As mentioned earlier, architects and glass manufacturers have to study various factors in building design before selecting the ideal glazing. An important factor is window orientation and area which allows ideal dispersion of daylight without causing glare or excess heat gain. It has been observed that south-facing windows let in the highest amount of daylight while north-facing windows let in diffused and reflected glare-free light. On the other hand, east- and west-facing windows let in direct sunlight, glare, and heat gain, which are difficult to manage. Thus, different glazing solutions are required for different orientations, especially in the kind of building mentioned in the case study.

Categories

Daylight Analysis & Glazing Selection: A Case Study


Natural lighting is an extremely important part of any building – simply because it is beneficial to both comfort and energy efficiency of an interior space. Having ideal natural lighting inside a building can reduce the dependency on artificial lighting and create a much more holistic environment for rest, relaxation and work.
Yet, enabling the perfect balance of natural light within a building is not merely a function of using a glazing which will reflect heat and filter light. It depends on quite many factors, including the building orientation, the appropriateness of light diffusers installed, and also the kind of façades and windows in place. Thus, architect and building owners must conduct a thorough daylight analysis of any building in order to suggest glass that minimises discomfort and maximises visibility. Only after analysing the results of such a study can one opt for retrofitting buildings with low-E glass or going for a new glazing with the ideal U-value and SHGC.
This is what we performed for a corporate building in Mumbai.
CHALLENGE
A corporate building in Mumbai required an optimum glazing solution to maximize its VLT (visible light transmission) requirement without overdesigning the building.
SOLUTION
Going by the specifications of glass, one with the lowest U-value and SHGC would have been the right solution for the corporate building. Yet the solution was not so easy.
In order to determine the effect of various glazing variants on the building, a daylight analysis was performed. The two glazing variants simulated for the building were Clear Glass (VLT 78%) and high performance glass (VLT 21%). Both the glasses performed identically in terms of achieving the optimal lux levels. Clear Glass, in fact, caused glare in certain portions of the building.
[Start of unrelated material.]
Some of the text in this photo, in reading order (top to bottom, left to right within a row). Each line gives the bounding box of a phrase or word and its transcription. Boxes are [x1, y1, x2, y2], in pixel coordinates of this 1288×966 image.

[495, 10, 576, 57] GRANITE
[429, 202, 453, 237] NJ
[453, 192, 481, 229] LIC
As can be seen in Fig. 2, the first case is Clear Glass (VLT = 78%). The pink region shows the area which will have glare, and the grey region indicates sub-optimal lighting. The second case is high-performance glass (VLT = 21%). Here, we can see the reduction in glare area without reducing optimum lux level.
Thus, AIS recommended using high-performance glass in order to reduce cooling load without compromising on the lighting load.
RESULTS
From the study conducted, the following results were deduced:

  • The same fenestration behaves differently depending on the specific design.
  • It should not be assumed that products with low U-Value and SHGC are the best and universal solution.
  • For windows receiving a high amount of solar radiation, products with low SHGC would perform better. Hence, a glazing solution should be selected only after thoroughly analysing the building design.
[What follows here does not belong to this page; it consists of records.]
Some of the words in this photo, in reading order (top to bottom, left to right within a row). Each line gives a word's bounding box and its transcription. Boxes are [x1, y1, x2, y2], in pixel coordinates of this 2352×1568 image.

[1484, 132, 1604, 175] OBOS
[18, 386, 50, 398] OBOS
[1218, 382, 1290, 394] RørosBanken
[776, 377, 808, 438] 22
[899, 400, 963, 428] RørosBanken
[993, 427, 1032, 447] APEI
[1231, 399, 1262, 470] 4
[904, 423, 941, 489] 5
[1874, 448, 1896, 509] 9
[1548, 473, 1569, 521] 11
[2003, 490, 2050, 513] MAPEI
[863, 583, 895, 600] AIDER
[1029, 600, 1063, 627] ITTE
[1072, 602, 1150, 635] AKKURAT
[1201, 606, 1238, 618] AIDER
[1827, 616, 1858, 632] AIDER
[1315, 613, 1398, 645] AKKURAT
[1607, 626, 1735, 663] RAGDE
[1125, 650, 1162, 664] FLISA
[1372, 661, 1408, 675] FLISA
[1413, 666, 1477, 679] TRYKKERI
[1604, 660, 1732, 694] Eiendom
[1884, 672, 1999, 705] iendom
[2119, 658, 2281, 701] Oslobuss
As mentioned earlier, architects and glass manufacturers have to study various factors in building design before selecting the ideal glazing. An important factor is window orientation and area which allows ideal dispersion of daylight without causing glare or excess heat gain. It has been observed that south-facing windows let in the highest amount of daylight while north-facing windows let in diffused and reflected glare-free light. On the other hand, east- and west-facing windows let in direct sunlight, glare, and heat gain, which are difficult to manage. Thus, different glazing solutions are required for different orientations, especially in the kind of building mentioned in the case study.